- WORK REQUEST:
Transcribe the entries exactly. Omit the pictures.

- RECORDS PROVIDED:
Segment Open

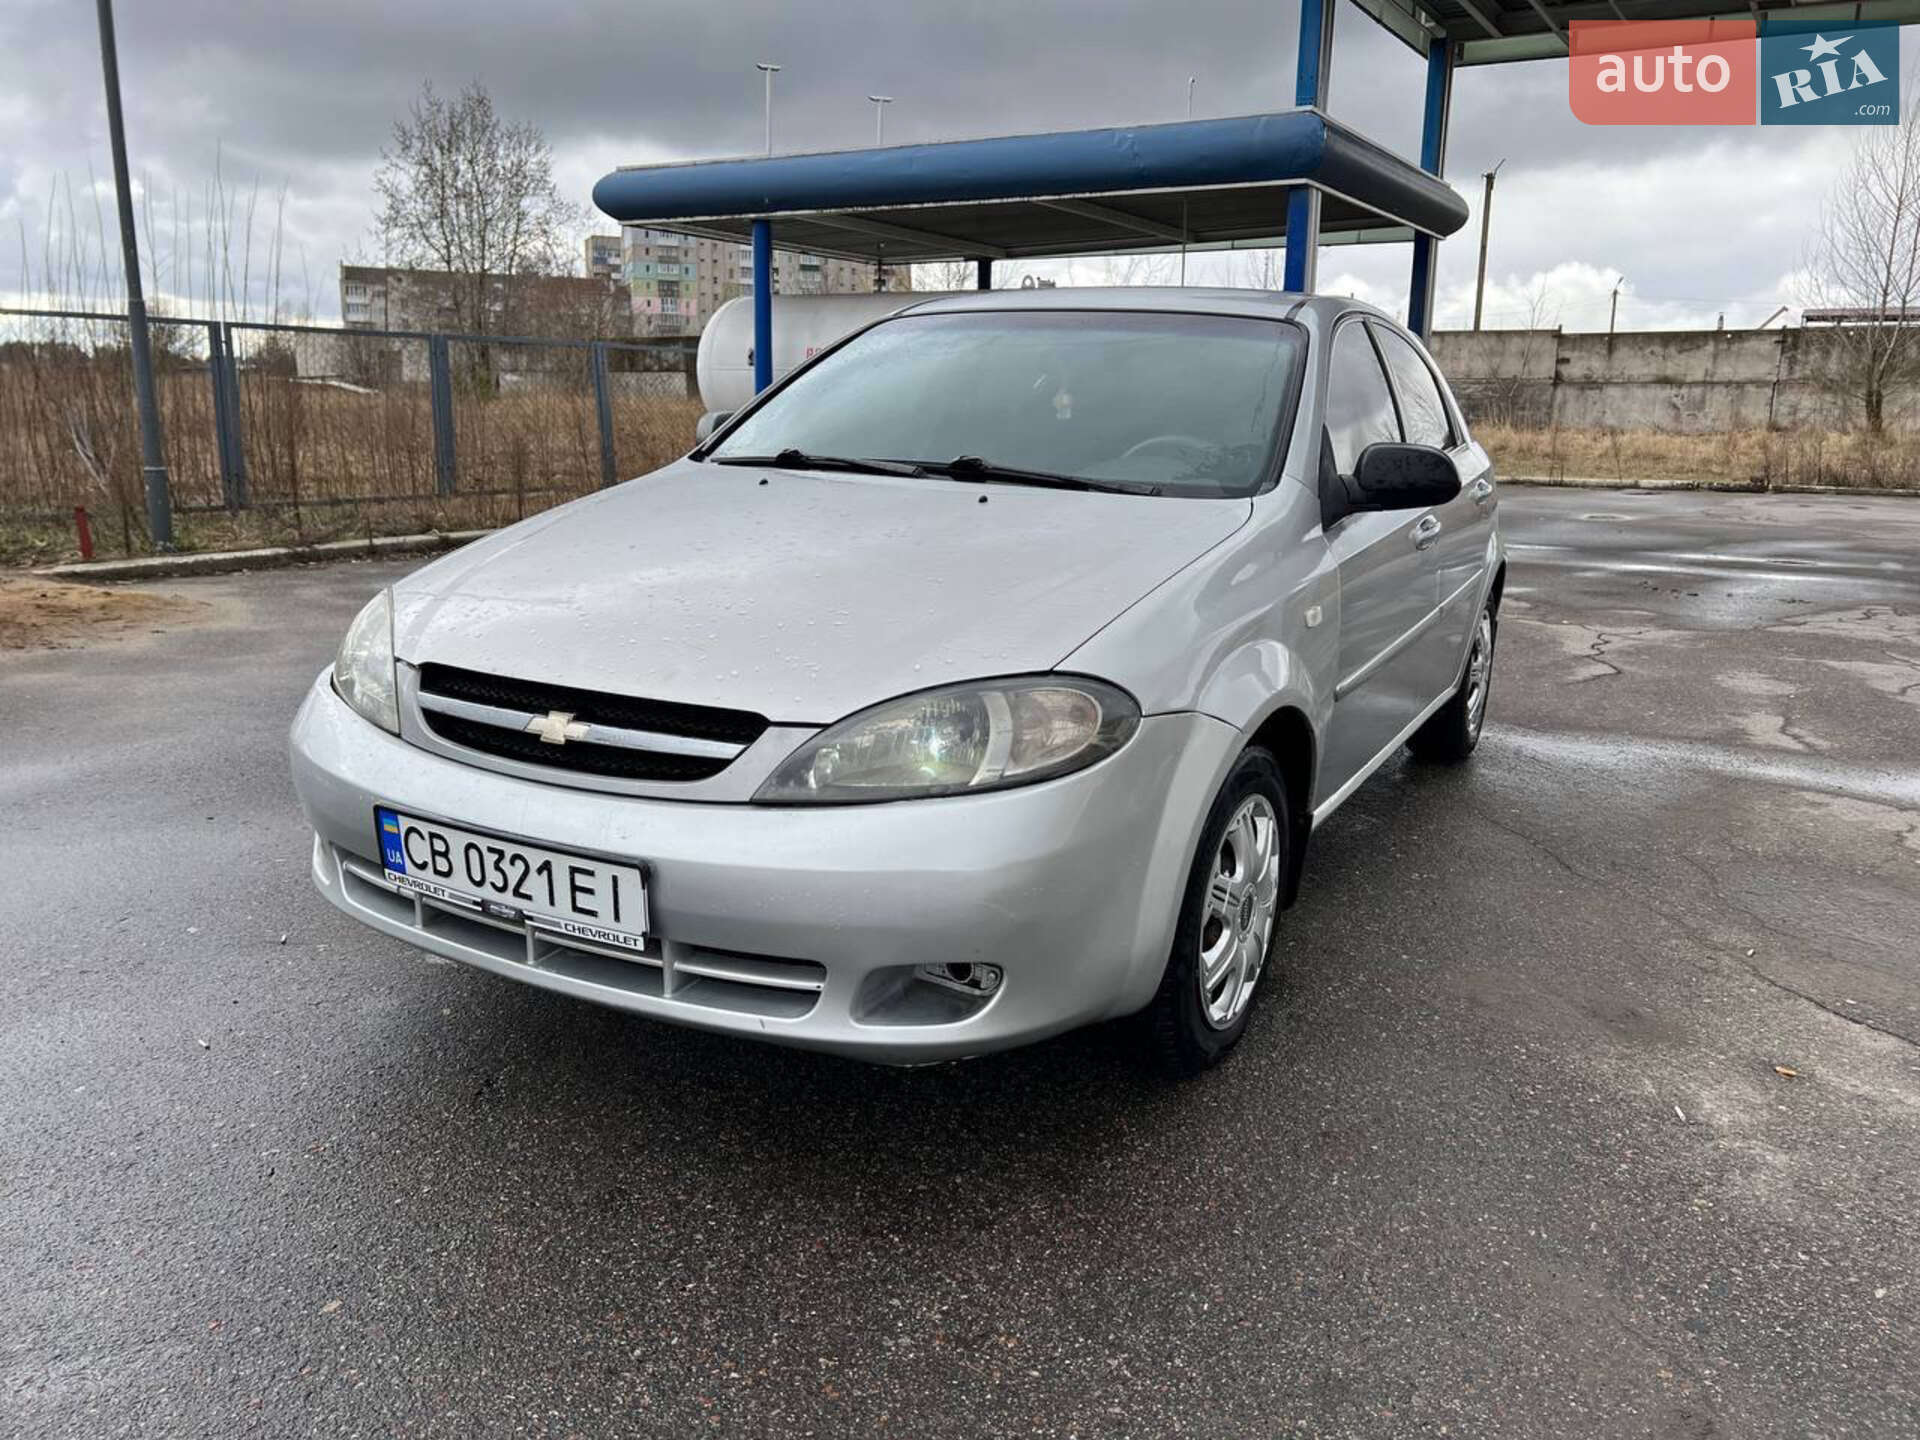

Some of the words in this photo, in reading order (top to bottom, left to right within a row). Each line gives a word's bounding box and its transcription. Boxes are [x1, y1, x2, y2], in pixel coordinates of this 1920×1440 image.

[386, 847, 402, 865] UA
[388, 872, 446, 897] CHEVROLET
[403, 825, 454, 878] CB
[464, 842, 555, 907] 0321
[569, 865, 620, 923] EI
[564, 922, 641, 947] CHEVROLET

Segment Closed

- SOLUTION TO THIS TASK:
Some of the words in this photo, in reading order (top to bottom, left to right within a row). Each line gives a word's bounding box and its transcription. Boxes are [x1, y1, x2, y2], in pixel coordinates of this 1920×1440 image.

[386, 847, 402, 865] UA
[388, 872, 446, 897] CHEVROLET
[403, 825, 454, 878] CB
[464, 842, 555, 907] 0321
[569, 865, 620, 923] EI
[564, 922, 641, 947] CHEVROLET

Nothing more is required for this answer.